BEGIN Dataset entries
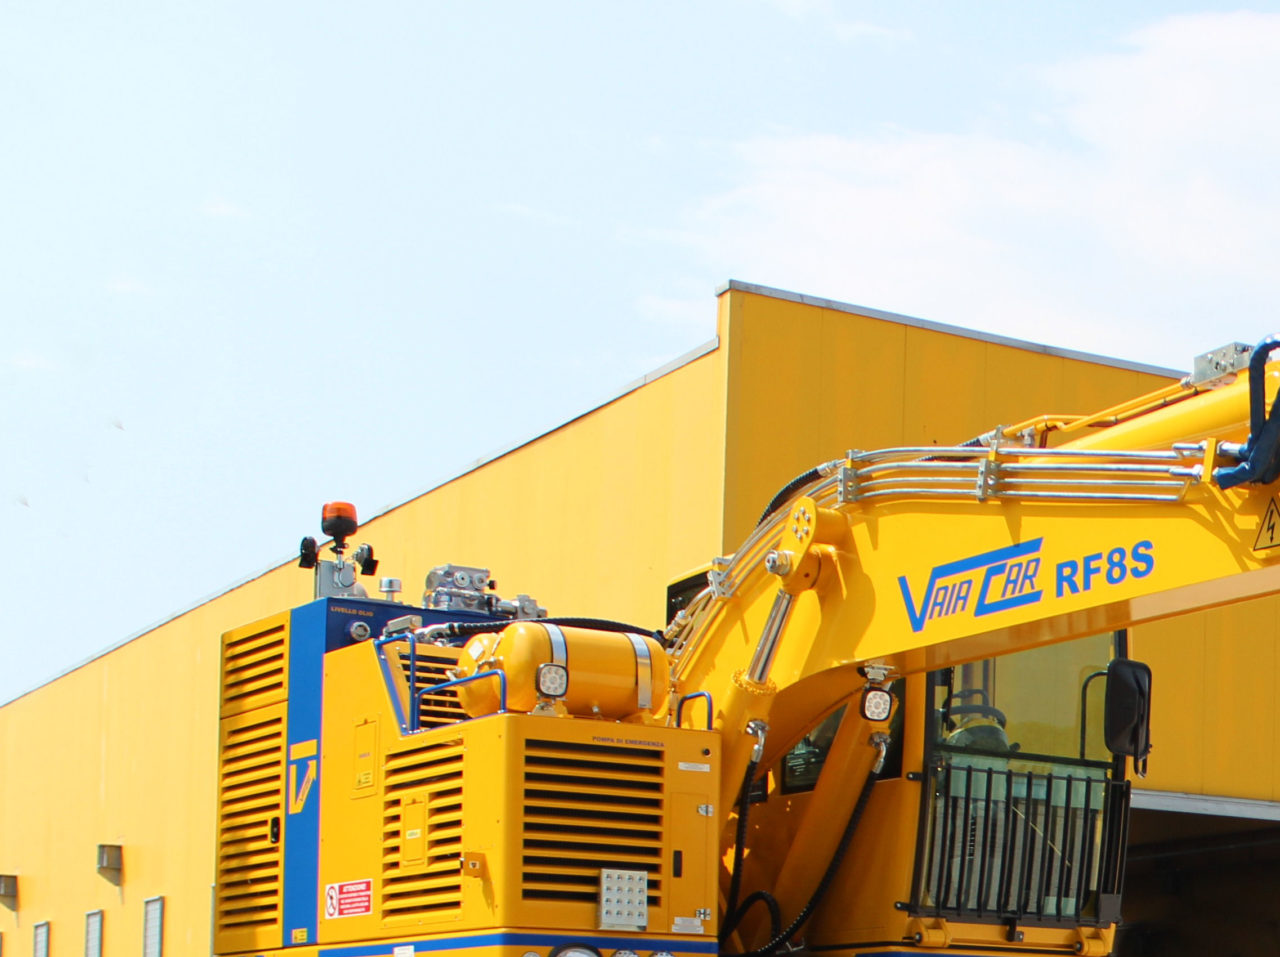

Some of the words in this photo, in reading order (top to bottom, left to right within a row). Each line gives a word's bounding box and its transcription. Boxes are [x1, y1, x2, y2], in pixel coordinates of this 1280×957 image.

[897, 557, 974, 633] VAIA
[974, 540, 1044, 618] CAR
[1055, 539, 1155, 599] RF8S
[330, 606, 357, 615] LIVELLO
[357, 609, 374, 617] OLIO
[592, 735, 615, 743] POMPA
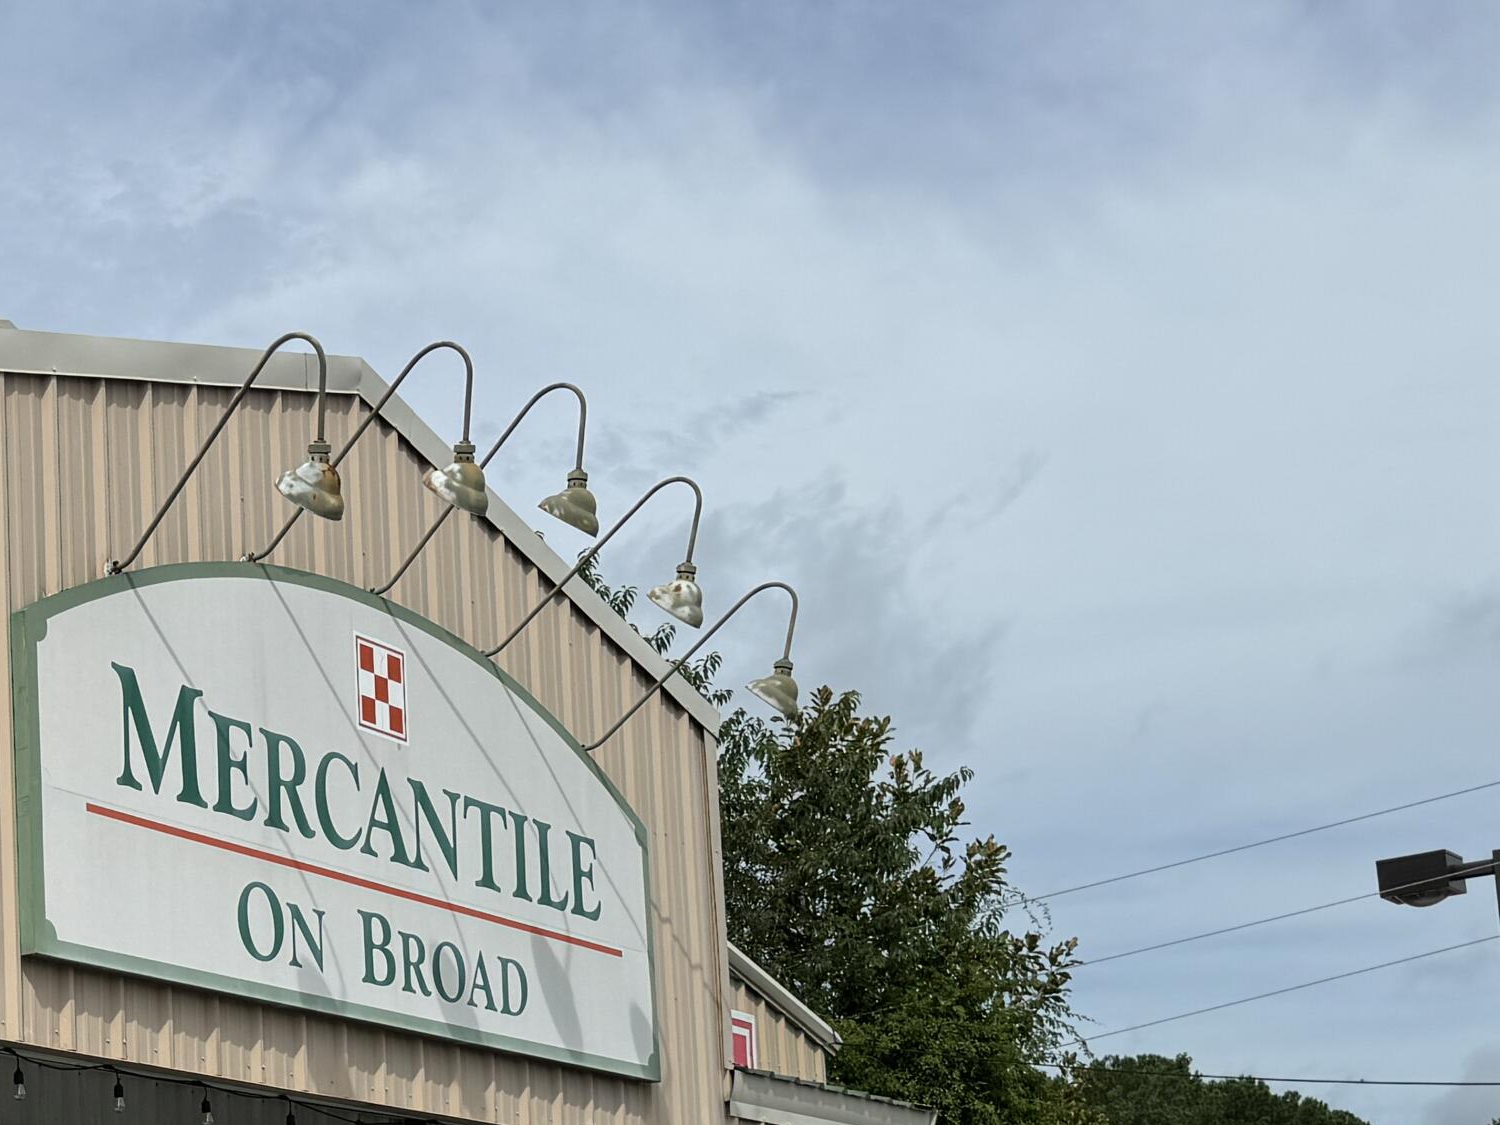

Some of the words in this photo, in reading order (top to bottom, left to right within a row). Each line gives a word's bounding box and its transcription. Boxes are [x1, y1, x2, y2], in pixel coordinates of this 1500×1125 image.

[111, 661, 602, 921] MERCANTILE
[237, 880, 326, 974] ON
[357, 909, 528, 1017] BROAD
END Dataset entries
__Task__: Print all of the entries word for word. Omit the pictures they contain.

__Response__:
Some of the words in this photo, in reading order (top to bottom, left to right within a row). Each line gives a word's bounding box and its transcription. Boxes are [x1, y1, x2, y2], in pixel coordinates of this 1280×957 image.

[897, 557, 974, 633] VAIA
[974, 540, 1044, 618] CAR
[1055, 539, 1155, 599] RF8S
[330, 606, 357, 615] LIVELLO
[357, 609, 374, 617] OLIO
[592, 735, 615, 743] POMPA

Some of the words in this photo, in reading order (top to bottom, left to right within a row). Each line gives a word's bounding box and its transcription. Boxes are [x1, y1, x2, y2], in pixel coordinates of this 1500×1125 image.

[111, 661, 602, 921] MERCANTILE
[237, 880, 326, 974] ON
[357, 909, 528, 1017] BROAD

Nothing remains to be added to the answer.